» TRY IT: Print the whole listing exactly as it appears, but skip the pictures.

» DATA EXTRACTS:
--------------------

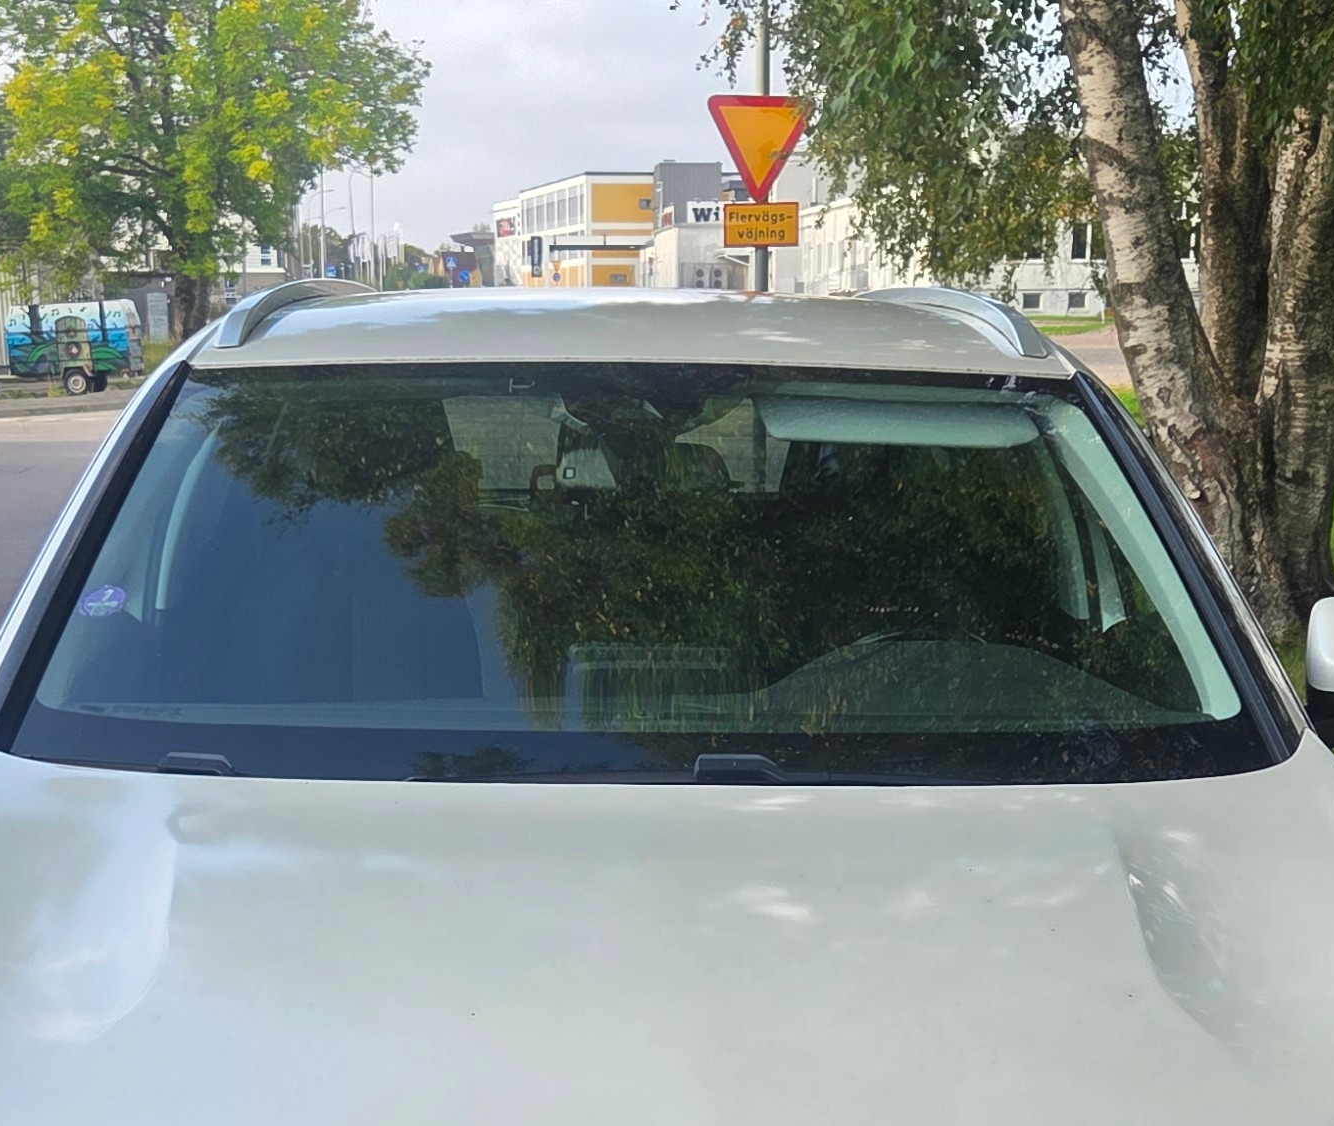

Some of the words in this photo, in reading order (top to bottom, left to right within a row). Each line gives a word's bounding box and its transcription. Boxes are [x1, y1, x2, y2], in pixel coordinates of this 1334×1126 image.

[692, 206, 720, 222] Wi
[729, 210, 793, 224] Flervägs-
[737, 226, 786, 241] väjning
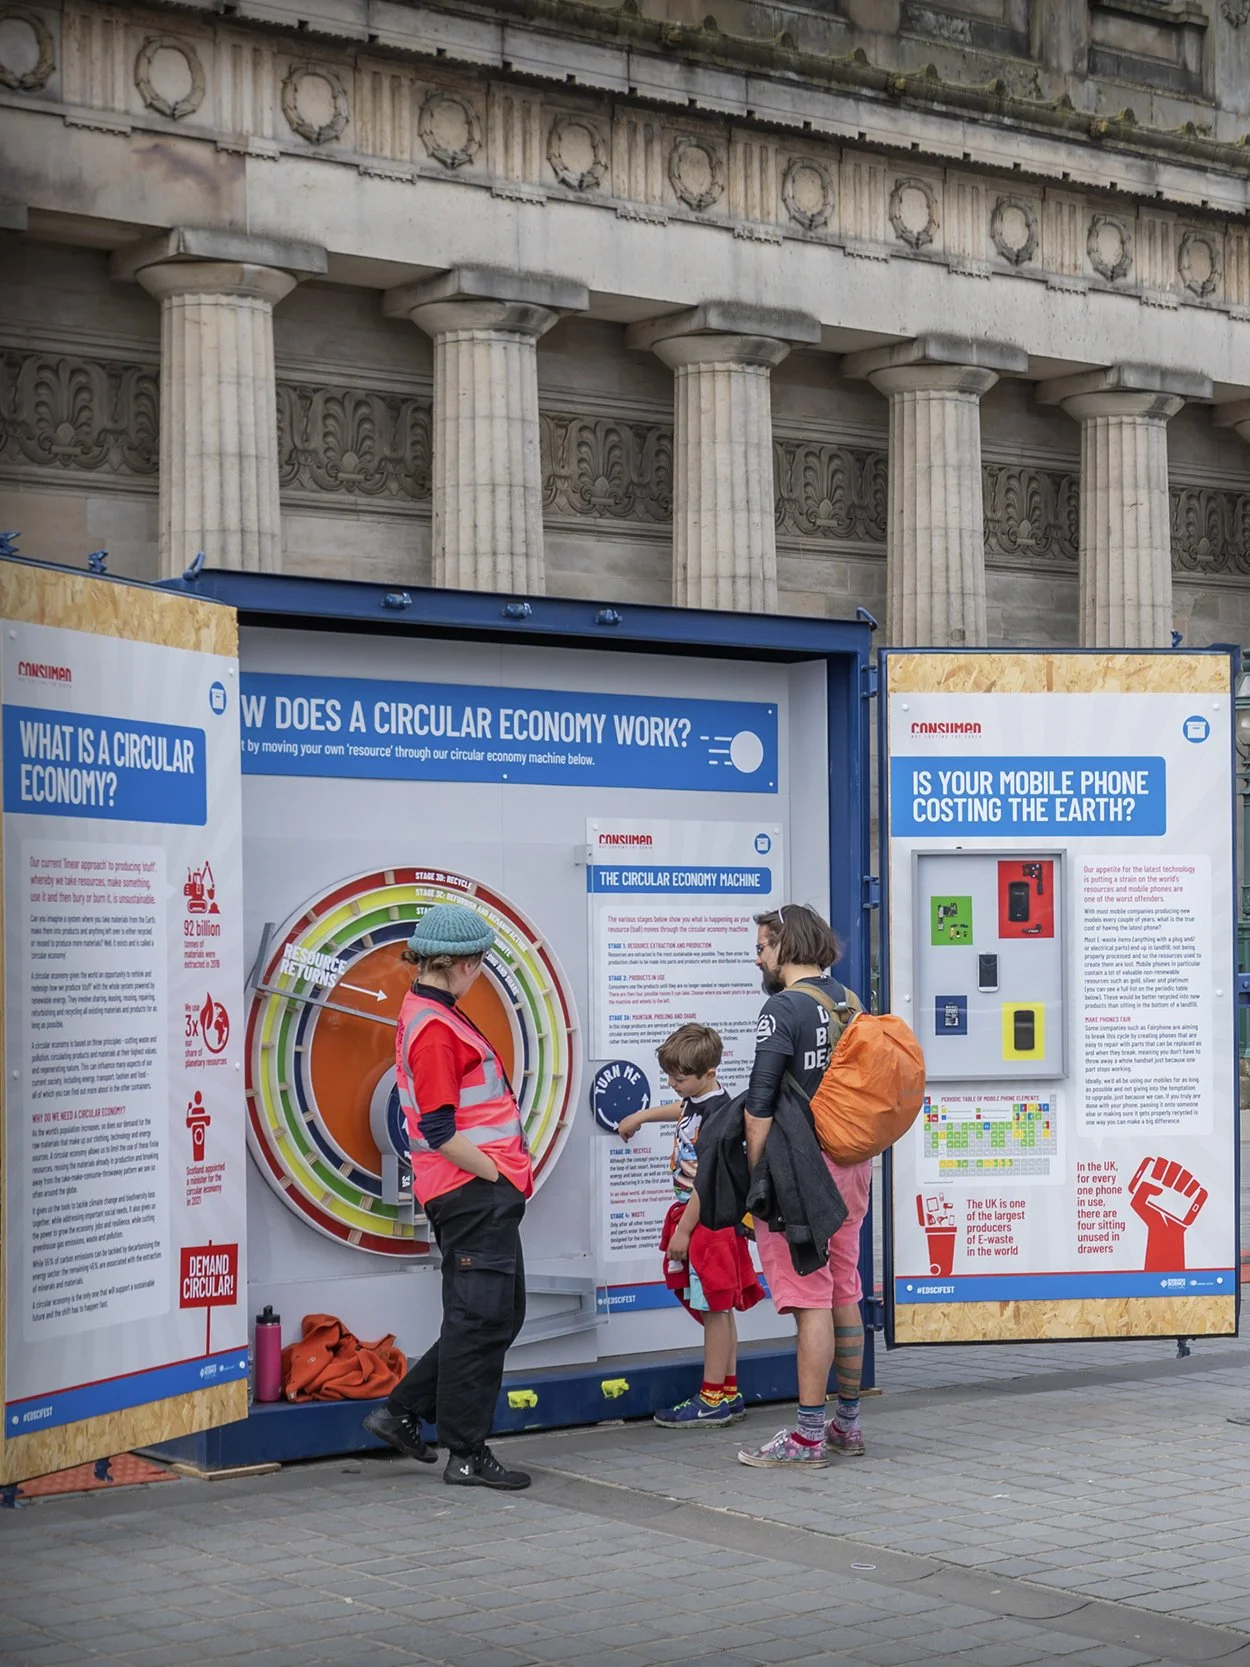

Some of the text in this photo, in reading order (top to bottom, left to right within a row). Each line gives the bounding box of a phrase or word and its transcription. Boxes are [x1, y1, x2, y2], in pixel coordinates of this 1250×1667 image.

--------------------

» RESPONSE TO THE EXERCISE:
Some of the words in this photo, in reading order (top to bottom, left to right within a row). Each line gives a word's bounding box and its transcription. Boxes are [x1, y1, x2, y2], in pixel coordinates of this 1334×1126 image.

[692, 206, 720, 222] Wi
[729, 210, 793, 224] Flervägs-
[737, 226, 786, 241] väjning

Some of the text in this photo, in reading order (top to bottom, left to right within a row). Each line gives the bounding box of a phrase or word and its transcription. Boxes are [x1, y1, x2, y2], in pixel coordinates of this 1250×1667 image.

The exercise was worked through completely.